Not sure if this will help with your retinas but we use the copper sulfate
treatment on all our fluorescent stains and it eliminates autofluorescence in
the RBC completely and helps with other types of autofluorescence. The
treatment to be use depends on the cause of the autofluorescence.

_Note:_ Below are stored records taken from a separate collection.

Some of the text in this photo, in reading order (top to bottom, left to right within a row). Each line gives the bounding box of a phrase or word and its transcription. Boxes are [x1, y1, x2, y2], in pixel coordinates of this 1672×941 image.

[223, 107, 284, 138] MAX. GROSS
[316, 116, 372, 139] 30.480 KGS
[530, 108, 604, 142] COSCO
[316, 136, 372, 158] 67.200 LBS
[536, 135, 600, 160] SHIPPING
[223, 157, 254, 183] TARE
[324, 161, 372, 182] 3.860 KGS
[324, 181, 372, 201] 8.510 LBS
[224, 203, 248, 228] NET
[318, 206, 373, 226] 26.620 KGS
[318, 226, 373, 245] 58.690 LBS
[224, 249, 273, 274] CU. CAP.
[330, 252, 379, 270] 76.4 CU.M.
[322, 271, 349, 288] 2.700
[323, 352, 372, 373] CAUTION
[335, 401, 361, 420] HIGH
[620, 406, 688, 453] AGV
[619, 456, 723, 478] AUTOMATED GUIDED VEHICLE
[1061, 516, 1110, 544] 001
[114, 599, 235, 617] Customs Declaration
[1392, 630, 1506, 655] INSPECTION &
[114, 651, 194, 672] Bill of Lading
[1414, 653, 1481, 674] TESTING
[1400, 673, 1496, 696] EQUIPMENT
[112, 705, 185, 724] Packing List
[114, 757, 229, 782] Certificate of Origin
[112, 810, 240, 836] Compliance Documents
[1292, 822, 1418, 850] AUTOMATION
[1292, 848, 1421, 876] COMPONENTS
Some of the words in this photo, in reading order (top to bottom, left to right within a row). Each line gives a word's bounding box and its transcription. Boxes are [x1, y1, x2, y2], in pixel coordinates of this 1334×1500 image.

We counter
stain our slides with DAPI. Here are all of our present autofluorescent
treatments.
Autofluorescence Quenching
1) The best ways to address the issue of autofluorescence in order of
preference:
a) Avoid it
i) Not always possible.
b) Try to filter it out during image acquisition
i) Difficult due to the broad emission spectrum.
c) Chemically remove it
i) Can also reduce "real" signal.
2) 10 mM Copper Sulfate
a) This treatment is primarily for inhibition of autofluorescence
in Red Blood cells, but helps decrease autofluorescence in connective tissue.
b) 10 mM Copper Sulfate
i) Cupric Sulfate...............1.25 gm.
ii) 50 mM Ammonium acetate (pH5)........500.0 ml
iii) Adjust pH to 5.0 with 1.0 M NaOH
c) 50 mM Ammonium acetate (pH5)
i) Ammonium acetate.............1.93 gm.
ii) Distilled water................500.0 ml
iii) Adjust pH to 5.0 with 1.0 M HCl
D) Treatment Procedure
i) Rinse in PBS 2 times for 10 minutes each.
ii) Rinse in distilled water 5 minutes.
iii) Place slides in 10mM copper sulfate for 8 minutes.
iv) Return slides to distilled water and check for
autofluorescence with microscope.
v) If needed return slides to 10mM copper sulfate for a
couple of more minutes and check again.
vi) Rinse slides for 5 minutes in distilled water.
vii) Counterstain with DAPI 5 minutes.
viii) Rinse in PBS 2 times for 10 minutes each.
ix) Coverslip slides with appropriate mounting media.
3) 2.0 mM Glycine
a) Used primarily for autofluorescence caused by free aldehyde
groups.
b) 2.0 mM Glycine
i) Glycine...................3.9 gm.
ii) Distilled Water...............26.0 ml
c) Treatment Procedure
i) Deparaffinize and rehydrate slides to H2O
ii) Rinse in PBS 2 times for 10 minutes each.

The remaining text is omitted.